> _WHAT TO WORK ON_: With pictures removed, output every record below exactly as written.

• • • •

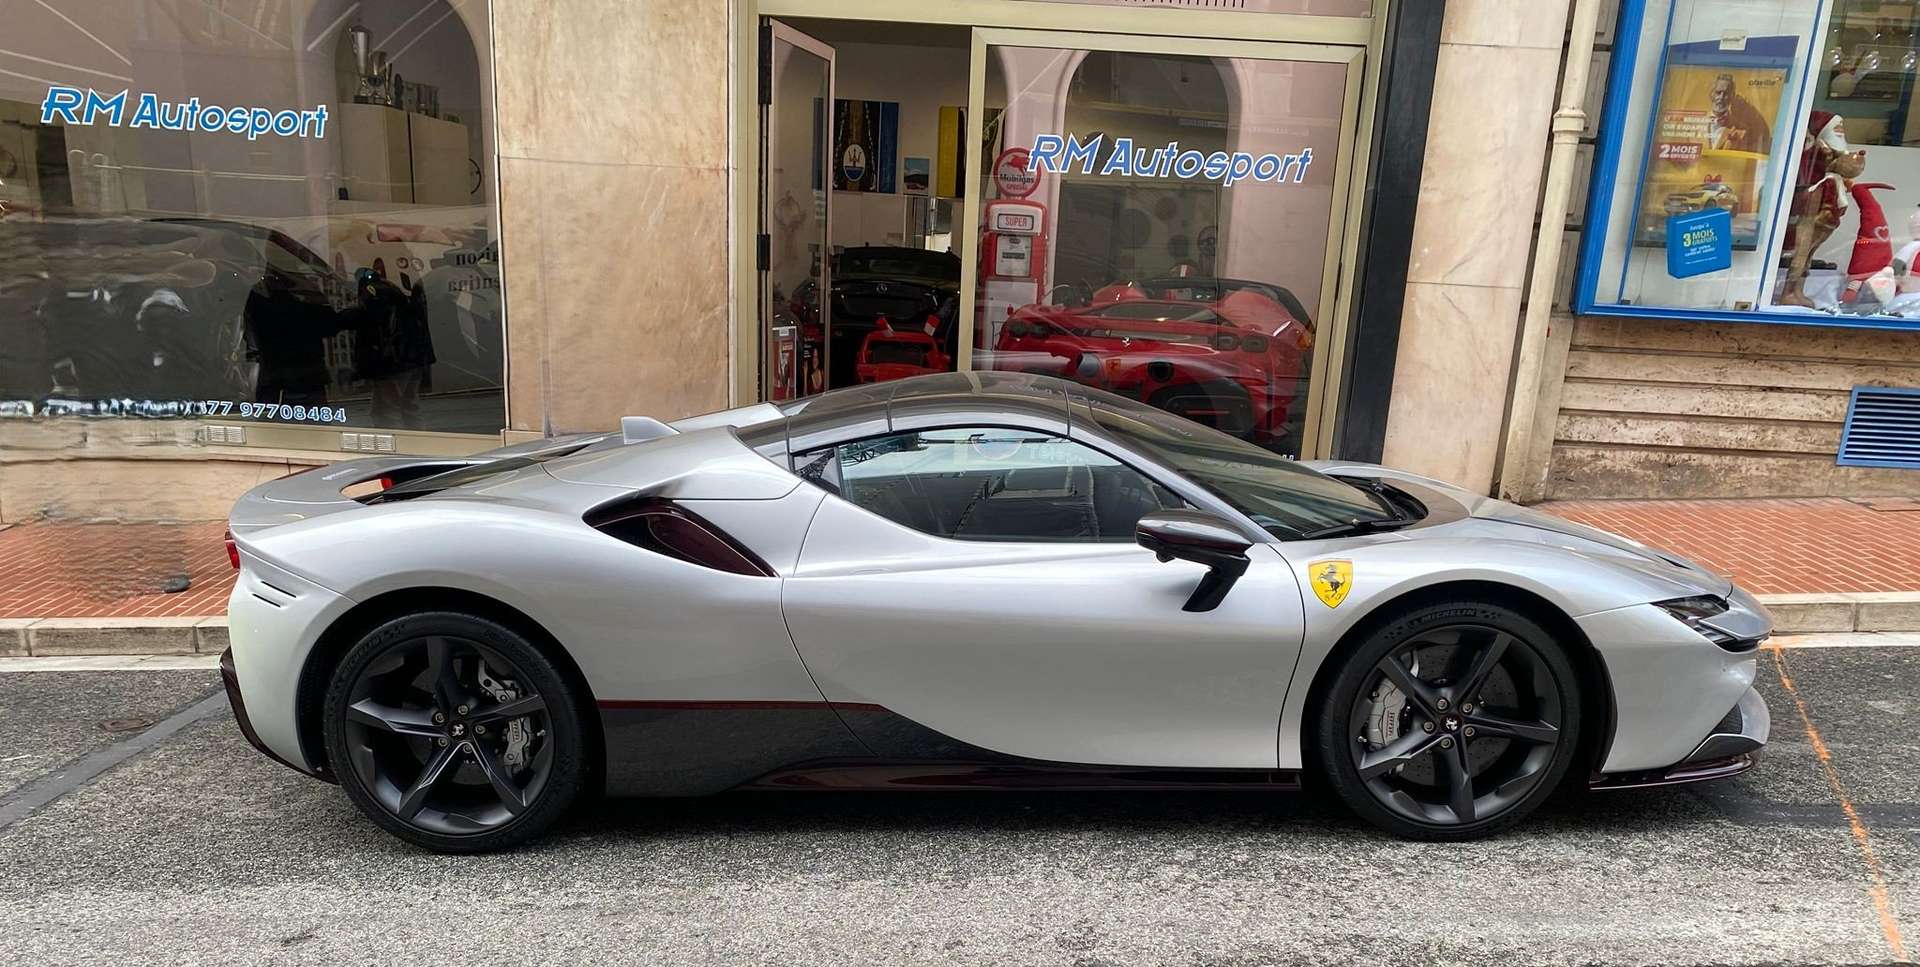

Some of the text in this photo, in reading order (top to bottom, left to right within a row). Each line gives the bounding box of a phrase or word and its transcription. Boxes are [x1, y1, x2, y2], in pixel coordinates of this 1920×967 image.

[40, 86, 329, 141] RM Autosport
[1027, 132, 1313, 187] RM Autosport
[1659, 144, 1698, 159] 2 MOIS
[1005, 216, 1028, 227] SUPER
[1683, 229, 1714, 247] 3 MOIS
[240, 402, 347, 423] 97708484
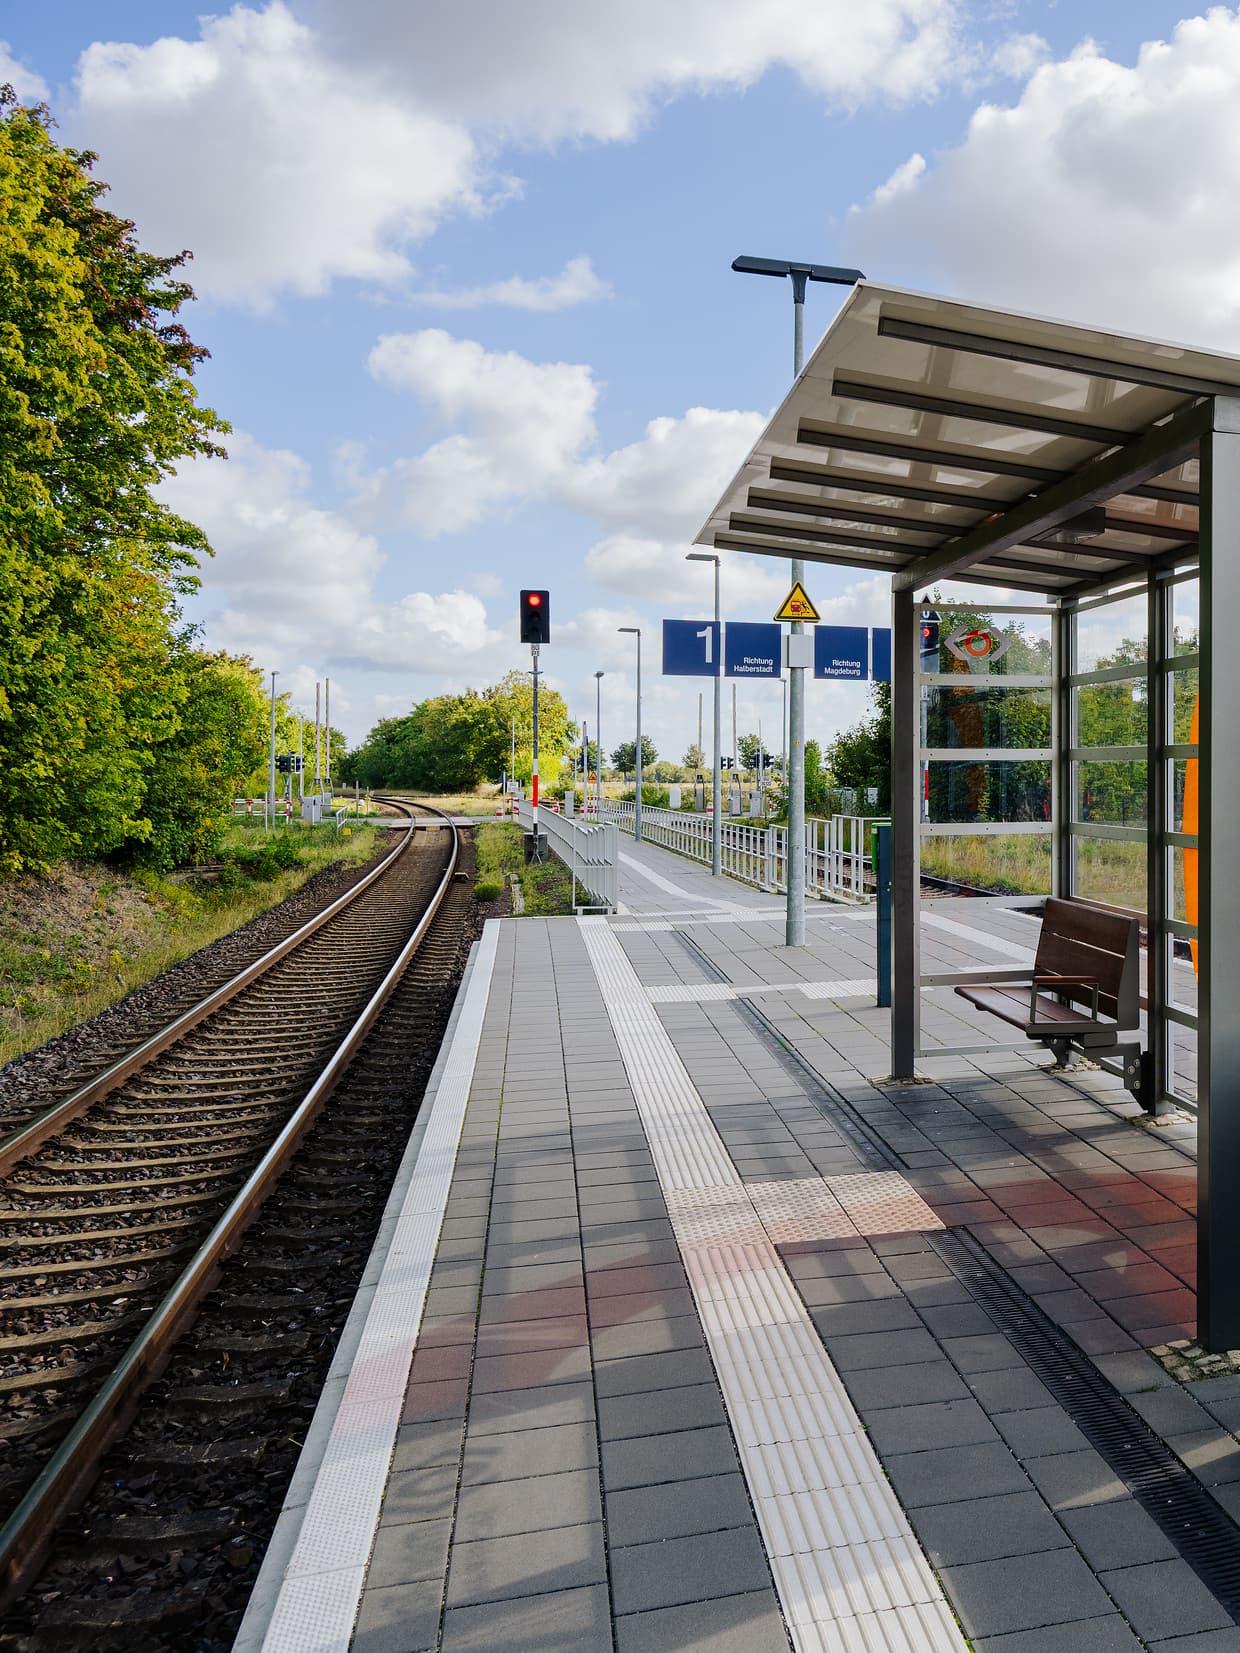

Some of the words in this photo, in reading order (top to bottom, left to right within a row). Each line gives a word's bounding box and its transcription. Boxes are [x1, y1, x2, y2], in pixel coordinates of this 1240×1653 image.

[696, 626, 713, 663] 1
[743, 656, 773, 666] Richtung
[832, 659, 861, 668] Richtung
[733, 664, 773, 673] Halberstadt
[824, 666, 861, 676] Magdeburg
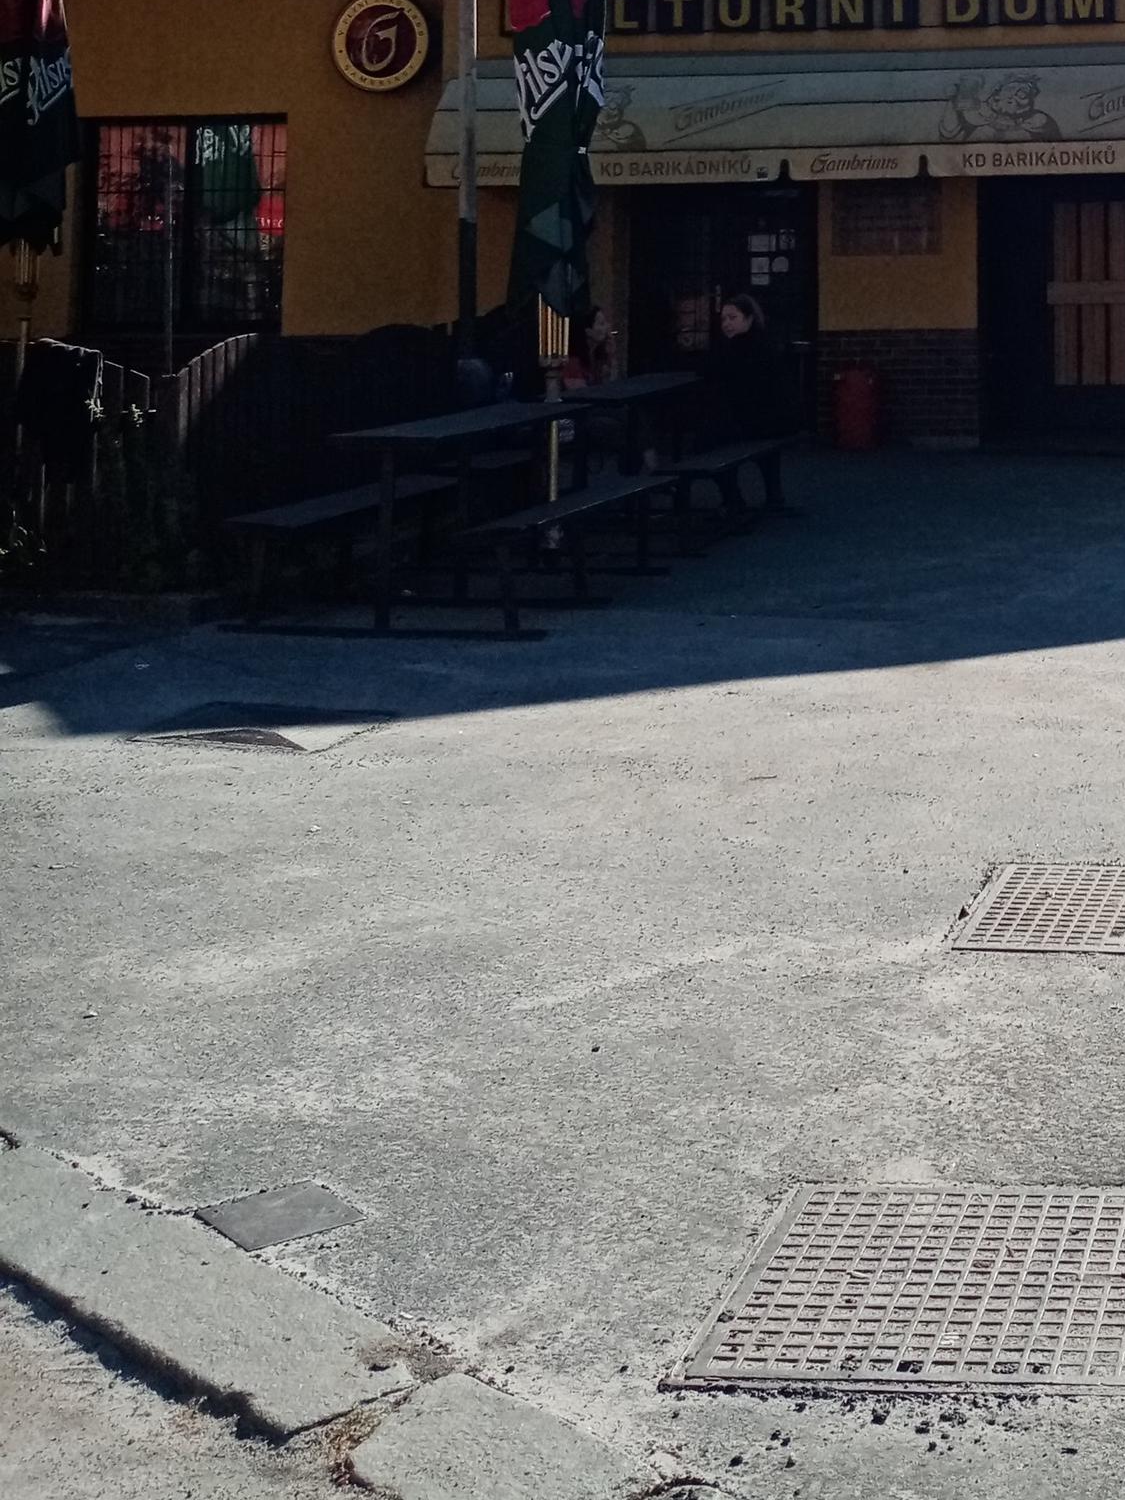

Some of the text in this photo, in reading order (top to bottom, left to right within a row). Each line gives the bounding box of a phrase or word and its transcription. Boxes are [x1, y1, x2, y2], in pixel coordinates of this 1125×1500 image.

• • • •

> _WRITTEN SOLUTION_:
Some of the text in this photo, in reading order (top to bottom, left to right within a row). Each line gives the bounding box of a phrase or word and its transcription. Boxes are [x1, y1, x2, y2], in pixel coordinates of this 1920×967 image.

[40, 86, 329, 141] RM Autosport
[1027, 132, 1313, 187] RM Autosport
[1659, 144, 1698, 159] 2 MOIS
[1005, 216, 1028, 227] SUPER
[1683, 229, 1714, 247] 3 MOIS
[240, 402, 347, 423] 97708484

Some of the words in this photo, in reading order (top to bottom, left to right within a row). Each line gives a word's bounding box and its transcription. Boxes are [x1, y1, x2, y2], in pixel coordinates of this 1240×1653 image.

[696, 626, 713, 663] 1
[743, 656, 773, 666] Richtung
[832, 659, 861, 668] Richtung
[733, 664, 773, 673] Halberstadt
[824, 666, 861, 676] Magdeburg

Some of the text in this photo, in reading order (top to bottom, left to right within a row). Each line gives the bounding box of a phrase or word and its transcription. Boxes are [x1, y1, x2, y2], in pixel coordinates of this 1125×1500 image.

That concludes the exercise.